J’appelle les libraires à s’affranchir et à prendre leur destin en main
Tribune parue dans Le Temps du 16 décembre 2011
« Mon centre cède, ma droite recule. Situation excellente, j’attaque. » Cette citation attribuée à Ferdinand Foch et qu’il aurait prononcée durant la première bataille de la Marne, en septembre 1914, s’applique stricto sensu aux défis que devront relever les libraires de Suisse romande dans les prochains mois.
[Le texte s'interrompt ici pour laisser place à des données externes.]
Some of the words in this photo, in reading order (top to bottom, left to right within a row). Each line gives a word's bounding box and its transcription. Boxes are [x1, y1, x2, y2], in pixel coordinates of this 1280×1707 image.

Rappelons tout d’abord que 80% des livres vendus en Suisse romande sont importés de France, et que les diffuseurs disposent d’une exclusivité complète sur les catalogues dont ils ont la charge. Ils fixent unilatéralement le prix de vente et le prix d’achat. Les libraires achètent en francs suisses, sans pouvoir mettre en concurrence les diffuseurs entre eux, et ne peuvent donc pas répercuter une baisse de l’euro dont ils ne bénéficient pas. Ce système provoque depuis longtemps un niveau de prix excessif, devenu inacceptable pour les consommateurs avec la forte baisse de l’euro. Nos appels à trouver un « prix juste » n’ont pour autant jamais reçu d’écho favorable.
Durant la première période de la baisse de l’euro, de début 2010 au printemps 2011, l’activité des librairies a été pénalisée par la baisse mécanique du prix moyen des livres vendus consécutive à une relative baisse des prix, suffisante pour impacter le chiffre d’affaires, mais insuffisante pour satisfaire les attentes des consommateurs.
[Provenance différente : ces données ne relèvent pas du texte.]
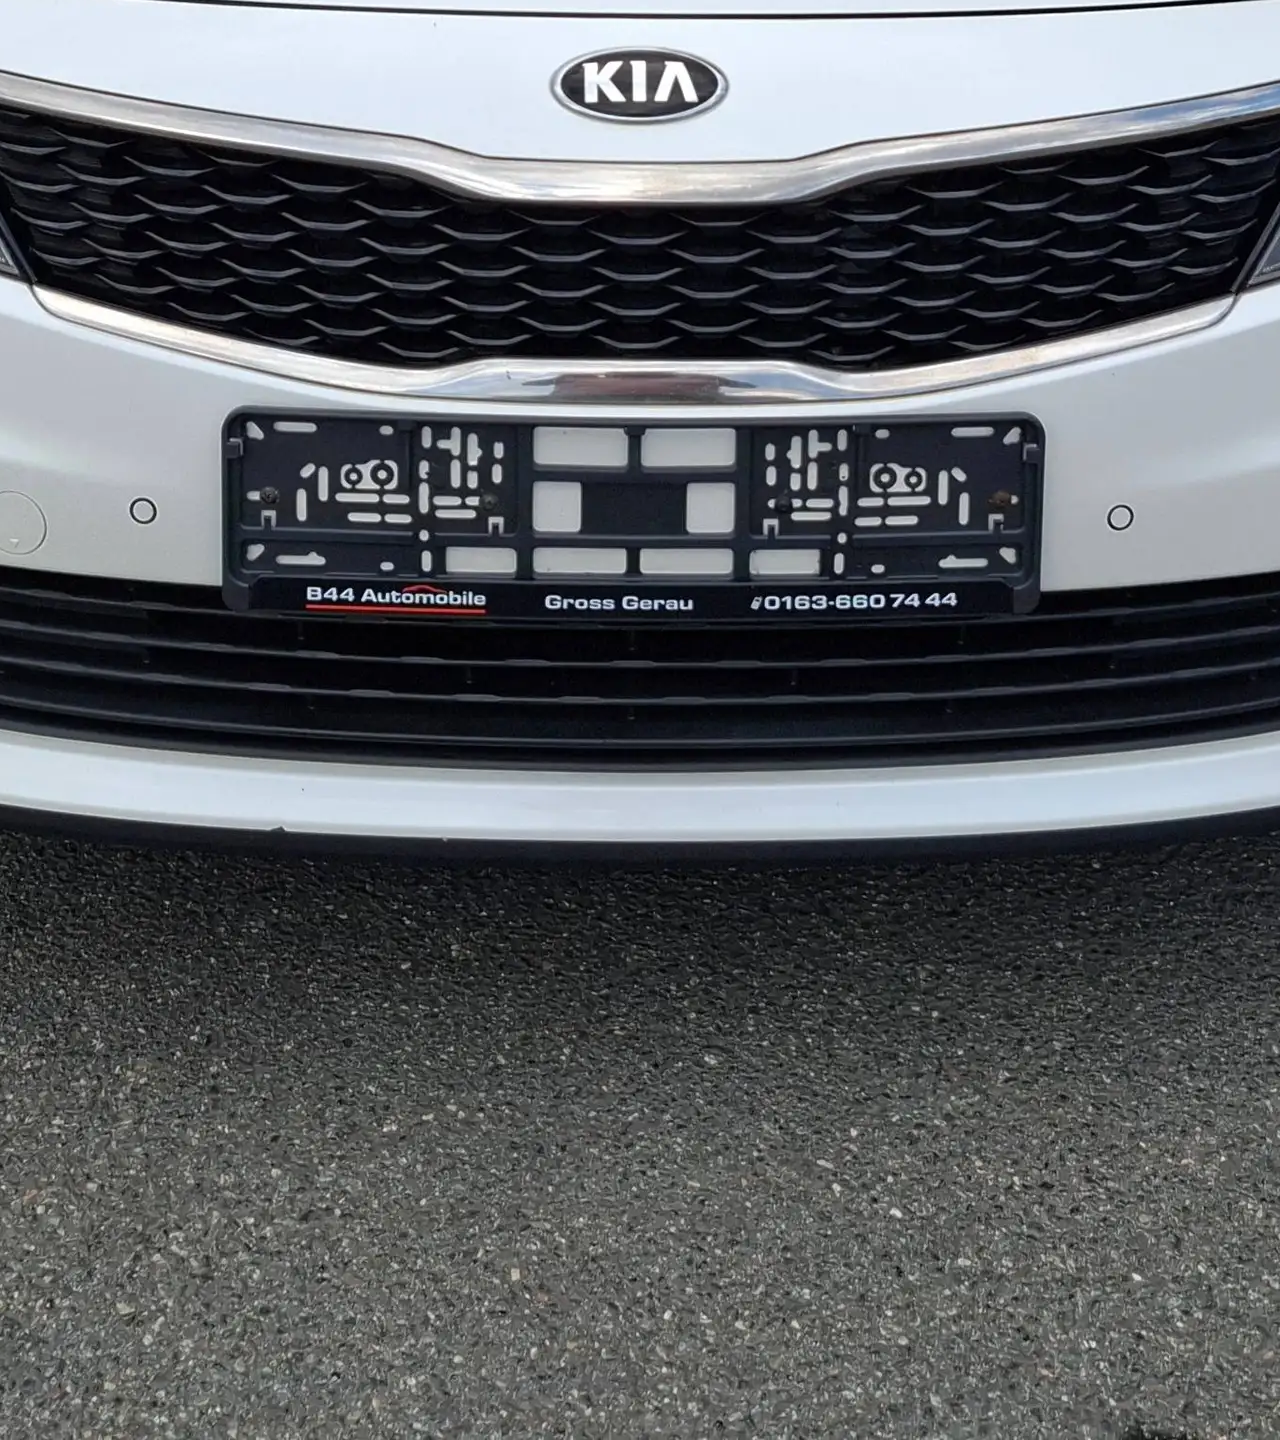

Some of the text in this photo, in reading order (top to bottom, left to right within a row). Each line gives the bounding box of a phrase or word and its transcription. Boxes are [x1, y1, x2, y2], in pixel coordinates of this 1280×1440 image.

[582, 60, 699, 104] KIA
[306, 586, 487, 606] B44 Automobile
[544, 595, 694, 611] Gross Gerau
[764, 592, 958, 610] 0163-660 74 44
Jusqu’à l’été dernier, l’espoir que la situation pouvait se stabiliser voire s’améliorer amenait à une posture plutôt défensive. Le décrochage qu’a connu le marché du livre depuis le mois de juillet dernier et les conséquences de la crise économique que rencontrent les pays de la zone euro ont balayé l’idée que les choses pourraient s’arranger d’elles-mêmes. Dès lors, envisager pour les libraires de passer d’une situation subie depuis des lustres à une prise en main de leur destinée par une rupture avec le modèle économique historique de diffusion exclusive imposée par les fournisseurs est devenu une nécessité.
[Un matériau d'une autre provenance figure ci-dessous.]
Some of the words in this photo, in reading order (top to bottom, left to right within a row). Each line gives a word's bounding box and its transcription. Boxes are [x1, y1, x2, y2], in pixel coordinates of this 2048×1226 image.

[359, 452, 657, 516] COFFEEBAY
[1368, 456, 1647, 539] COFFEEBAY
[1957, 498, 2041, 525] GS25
Par ailleurs, si les diffuseurs français installés en Suisse ont longtemps été sourds à toute demande de revoir leurs pratiques, le marché romand étant pour eux jusque-là une importante source de profit, la baisse des prix, d’une part, et la chute du marché, d’autre part, réduisent fortement l’attractivité du modèle établi et modifient leur point de vue. Deux des cinq principaux groupes éditoriaux français, Flammarion et Gallimard, ont d’ores et déjà accepté l’idée de laisser les libraires s’approvisionner directement en France. Il est fort probable que les trois autres grands groupes (Hachette, Interforum/Editis et Volumen) suivront. C’est la seule solution pour que les libraires puissent atteindre les deux objectifs en mesure de garantir leur avenir.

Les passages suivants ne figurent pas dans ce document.